Information:
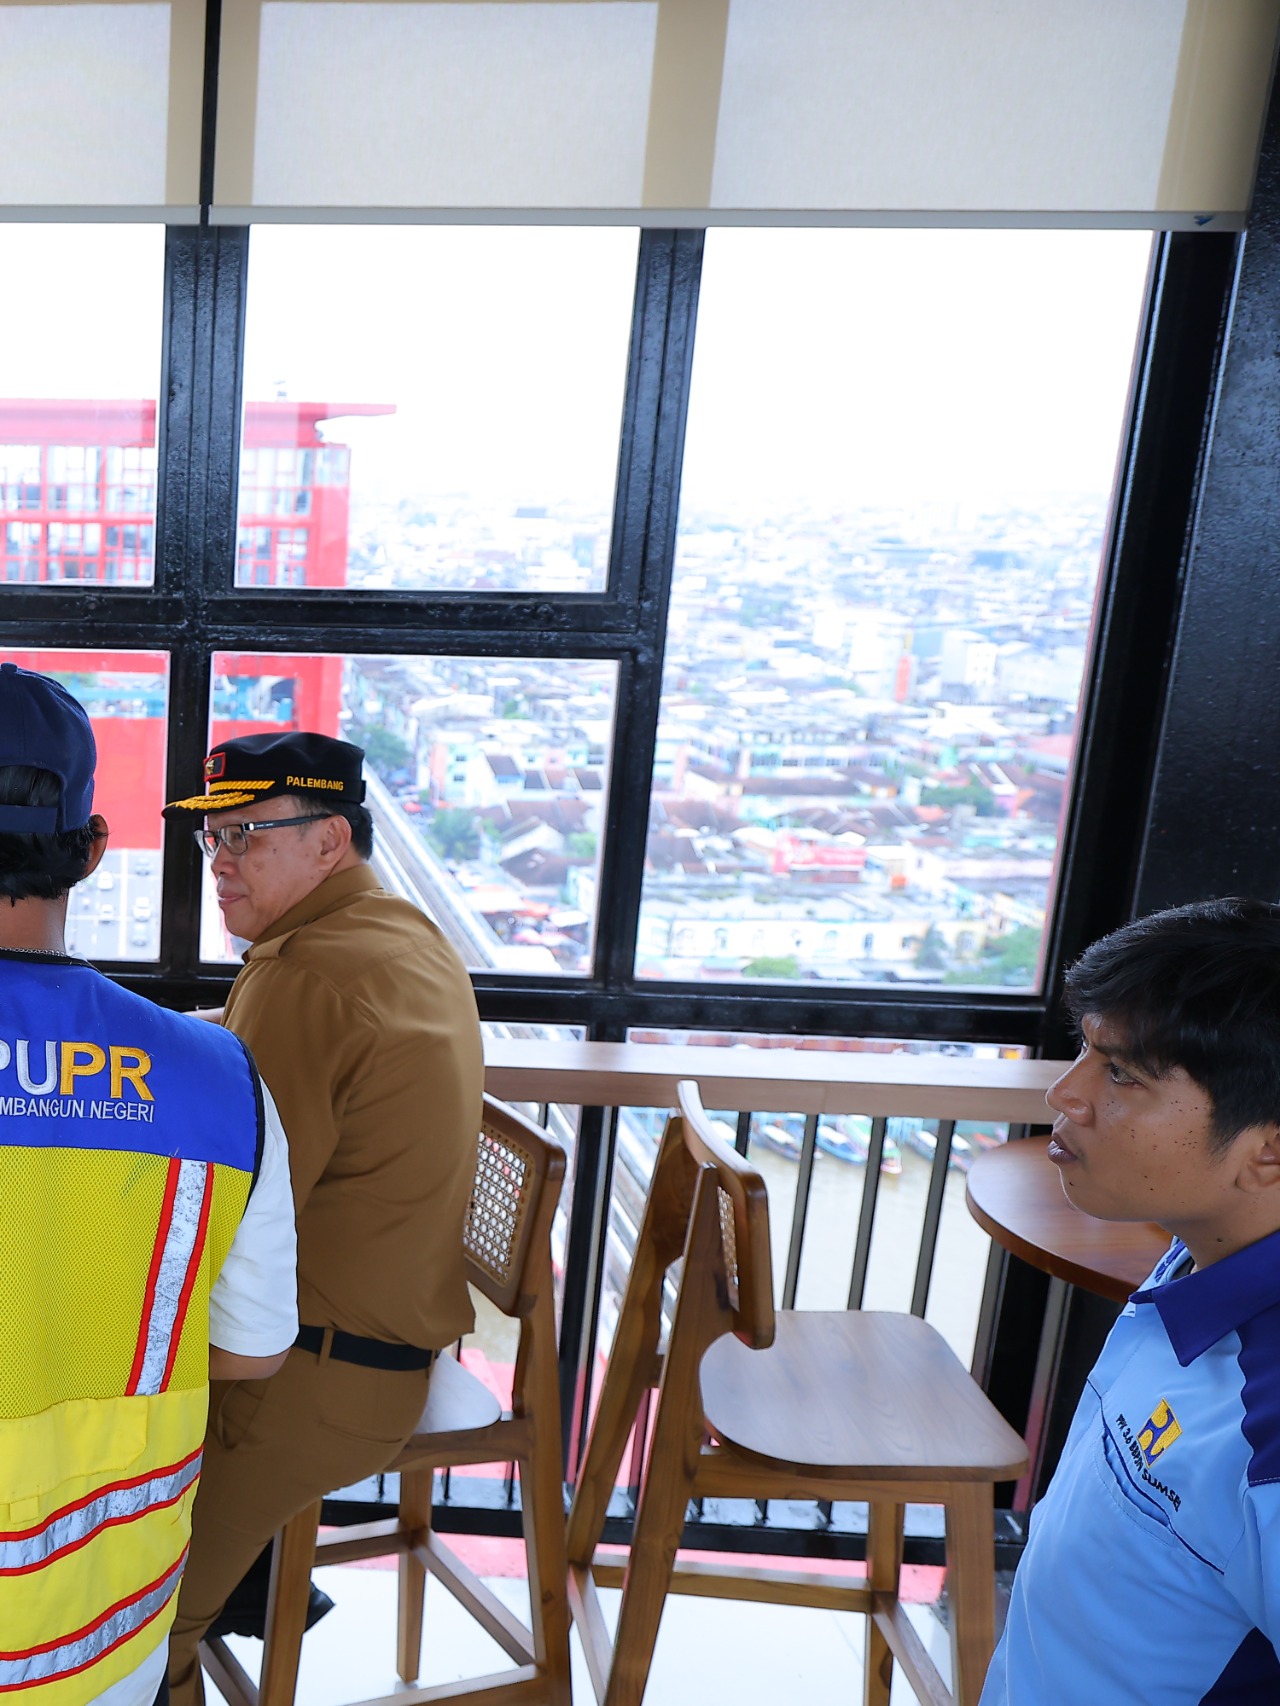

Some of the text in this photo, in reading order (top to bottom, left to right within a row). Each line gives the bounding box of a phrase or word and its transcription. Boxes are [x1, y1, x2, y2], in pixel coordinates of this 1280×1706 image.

[286, 776, 344, 791] PALEMBANG
[90, 1101, 154, 1123] NEGERI
[1122, 1427, 1133, 1445] 3.6
[1141, 1468, 1182, 1512] SUMSEL
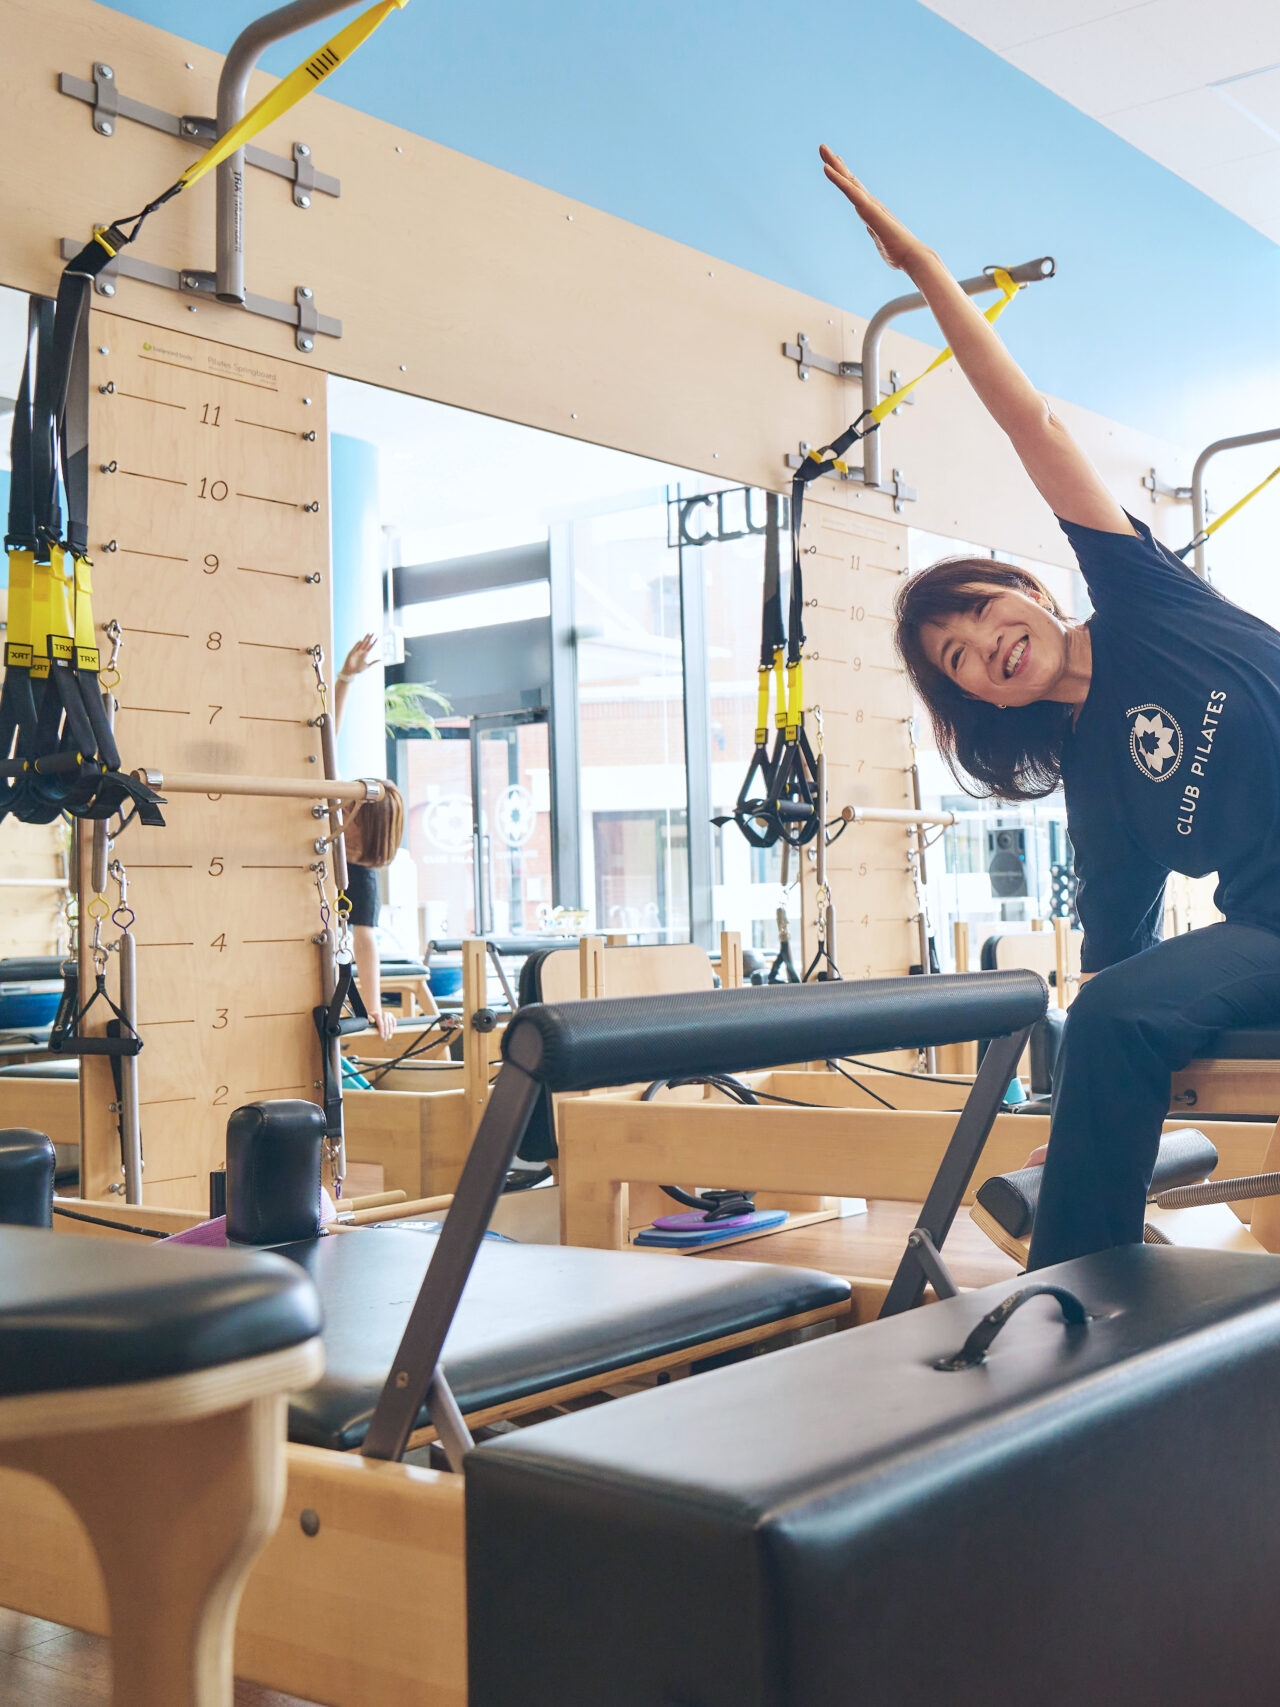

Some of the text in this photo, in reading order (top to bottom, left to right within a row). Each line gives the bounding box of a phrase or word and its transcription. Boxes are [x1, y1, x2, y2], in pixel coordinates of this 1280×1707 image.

[207, 356, 232, 369] Pilates
[233, 362, 277, 382] Springboard
[199, 403, 221, 428] 11
[197, 477, 228, 501] 10
[202, 554, 219, 575] 9
[850, 555, 861, 571] 11
[850, 606, 865, 622] 10
[55, 643, 71, 653] TRX
[206, 631, 222, 651] 8
[79, 655, 96, 664] TRX
[853, 656, 862, 672] 9
[208, 704, 223, 725] 7
[855, 709, 864, 723] 8
[857, 760, 865, 773] 7
[1177, 690, 1227, 835] CLUB PILATES
[207, 857, 224, 877] 5
[858, 863, 867, 876] 5
[861, 914, 869, 928] 4
[210, 933, 227, 952] 4
[212, 1008, 229, 1029] 3
[212, 1085, 229, 1105] 2
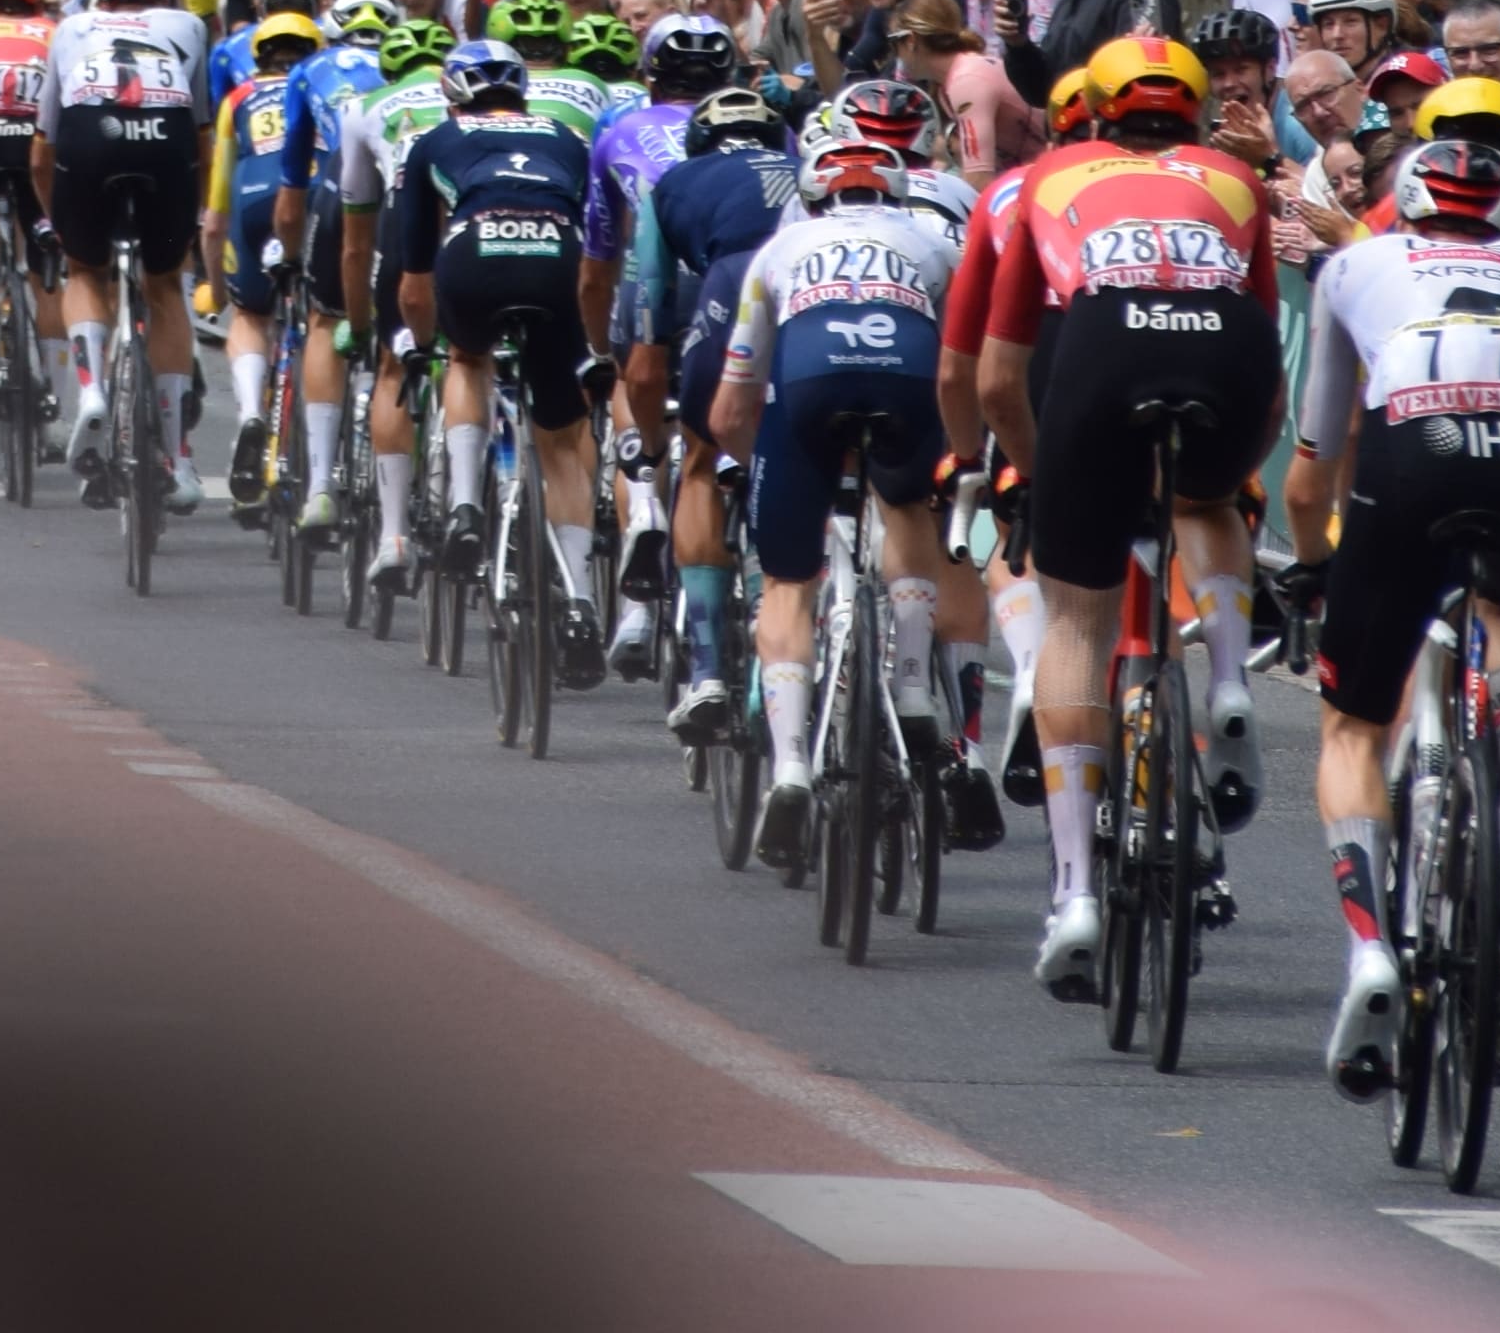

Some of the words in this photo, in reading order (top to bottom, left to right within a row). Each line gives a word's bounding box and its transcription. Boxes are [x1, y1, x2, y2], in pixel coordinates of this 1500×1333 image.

[16, 69, 43, 103] 12
[84, 59, 99, 83] 5
[158, 59, 173, 88] 5
[125, 118, 169, 141] IHC
[479, 221, 562, 241] BORA
[1085, 229, 1158, 273] 128
[1167, 229, 1242, 273] 128
[1417, 329, 1444, 382] 7
[1390, 387, 1459, 417] VELU
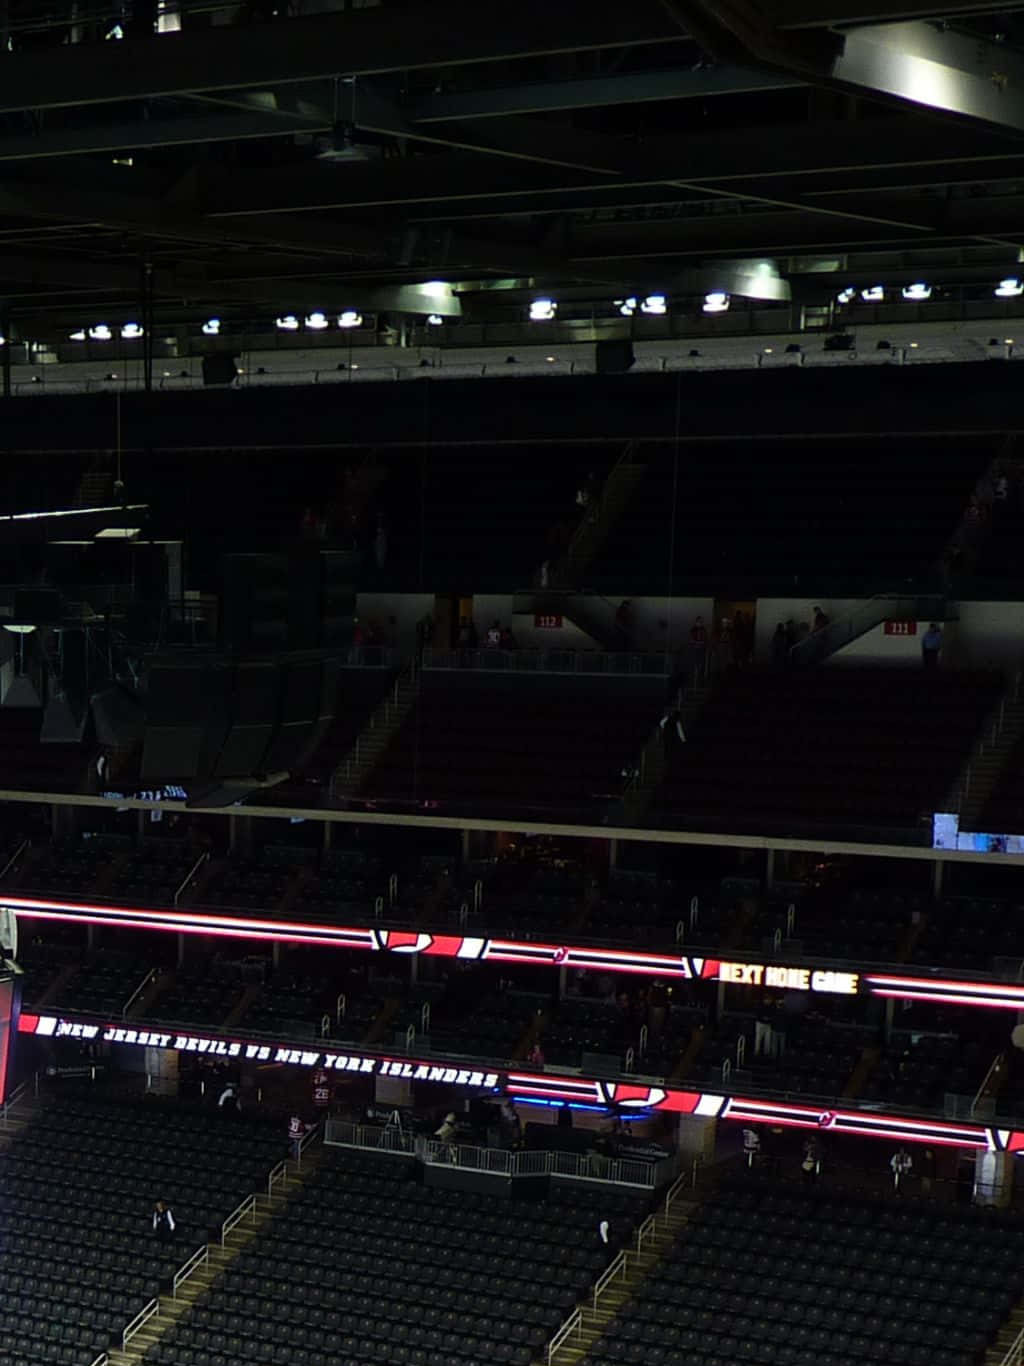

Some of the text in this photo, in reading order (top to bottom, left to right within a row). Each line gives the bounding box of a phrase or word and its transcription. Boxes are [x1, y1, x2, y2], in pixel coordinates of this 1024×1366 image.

[59, 1021, 499, 1088] NEW JERSEY DEVILS VS NEW YORK ISLANDERS
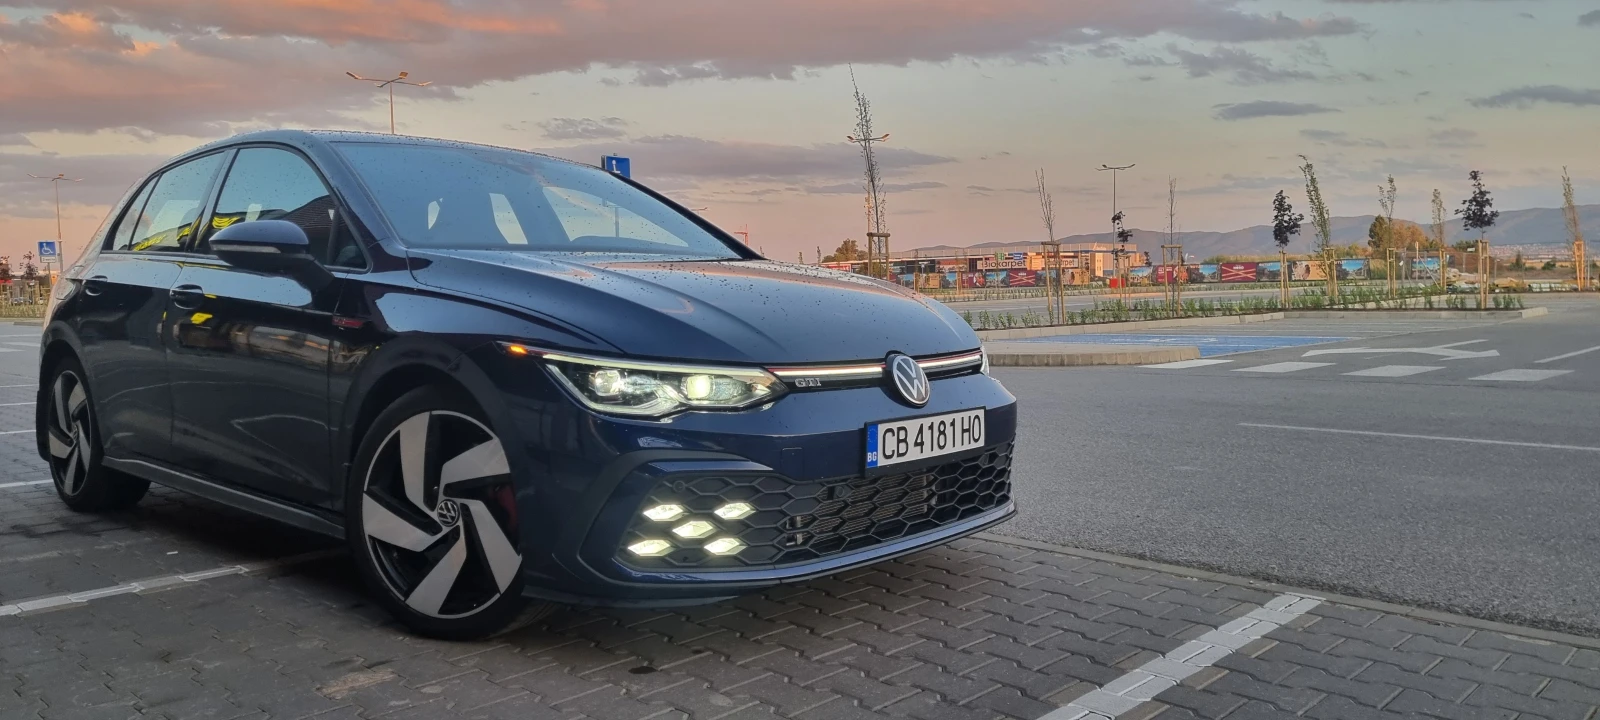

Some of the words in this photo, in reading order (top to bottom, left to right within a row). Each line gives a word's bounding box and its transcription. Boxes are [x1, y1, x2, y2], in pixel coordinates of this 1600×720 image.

[982, 260, 1026, 269] Biokarpet
[794, 377, 822, 387] GTI
[882, 426, 909, 459] CB
[914, 418, 956, 454] 4181
[961, 414, 981, 446] HO
[867, 451, 878, 462] BG

What to work on:
Return the full listing above exactly as written, and omit the pictures.

Solved exercise:
Some of the text in this photo, in reading order (top to bottom, left to right within a row). Each line gives the bounding box of a phrase or word and its transcription. Boxes are [x1, y1, x2, y2], in pixel coordinates of this 1280×1706 image.

[286, 776, 344, 791] PALEMBANG
[90, 1101, 154, 1123] NEGERI
[1122, 1427, 1133, 1445] 3.6
[1141, 1468, 1182, 1512] SUMSEL

Some of the text in this photo, in reading order (top to bottom, left to right within a row). Each line gives the bounding box of a phrase or word and its transcription. Boxes are [x1, y1, x2, y2], in pixel coordinates of this 1280×1707 image.

[207, 356, 232, 369] Pilates
[233, 362, 277, 382] Springboard
[199, 403, 221, 428] 11
[197, 477, 228, 501] 10
[202, 554, 219, 575] 9
[850, 555, 861, 571] 11
[850, 606, 865, 622] 10
[55, 643, 71, 653] TRX
[206, 631, 222, 651] 8
[79, 655, 96, 664] TRX
[853, 656, 862, 672] 9
[208, 704, 223, 725] 7
[855, 709, 864, 723] 8
[857, 760, 865, 773] 7
[1177, 690, 1227, 835] CLUB PILATES
[207, 857, 224, 877] 5
[858, 863, 867, 876] 5
[861, 914, 869, 928] 4
[210, 933, 227, 952] 4
[212, 1008, 229, 1029] 3
[212, 1085, 229, 1105] 2

Some of the words in this photo, in reading order (top to bottom, left to right within a row). Each line gives a word's bounding box and its transcription. Boxes are [x1, y1, x2, y2], in pixel coordinates of this 1500×1333 image.

[16, 69, 43, 103] 12
[84, 59, 99, 83] 5
[158, 59, 173, 88] 5
[125, 118, 169, 141] IHC
[479, 221, 562, 241] BORA
[1085, 229, 1158, 273] 128
[1167, 229, 1242, 273] 128
[1417, 329, 1444, 382] 7
[1390, 387, 1459, 417] VELU

Some of the text in this photo, in reading order (top to bottom, left to right within a row). Each line gives the bounding box of a phrase or word and its transcription. Boxes are [x1, y1, x2, y2], in pixel coordinates of this 1024×1366 image.

[59, 1021, 499, 1088] NEW JERSEY DEVILS VS NEW YORK ISLANDERS

Some of the words in this photo, in reading order (top to bottom, left to right within a row). Each line gives a word's bounding box and its transcription. Boxes are [x1, y1, x2, y2], in pixel coordinates of this 1600×720 image.

[982, 260, 1026, 269] Biokarpet
[794, 377, 822, 387] GTI
[882, 426, 909, 459] CB
[914, 418, 956, 454] 4181
[961, 414, 981, 446] HO
[867, 451, 878, 462] BG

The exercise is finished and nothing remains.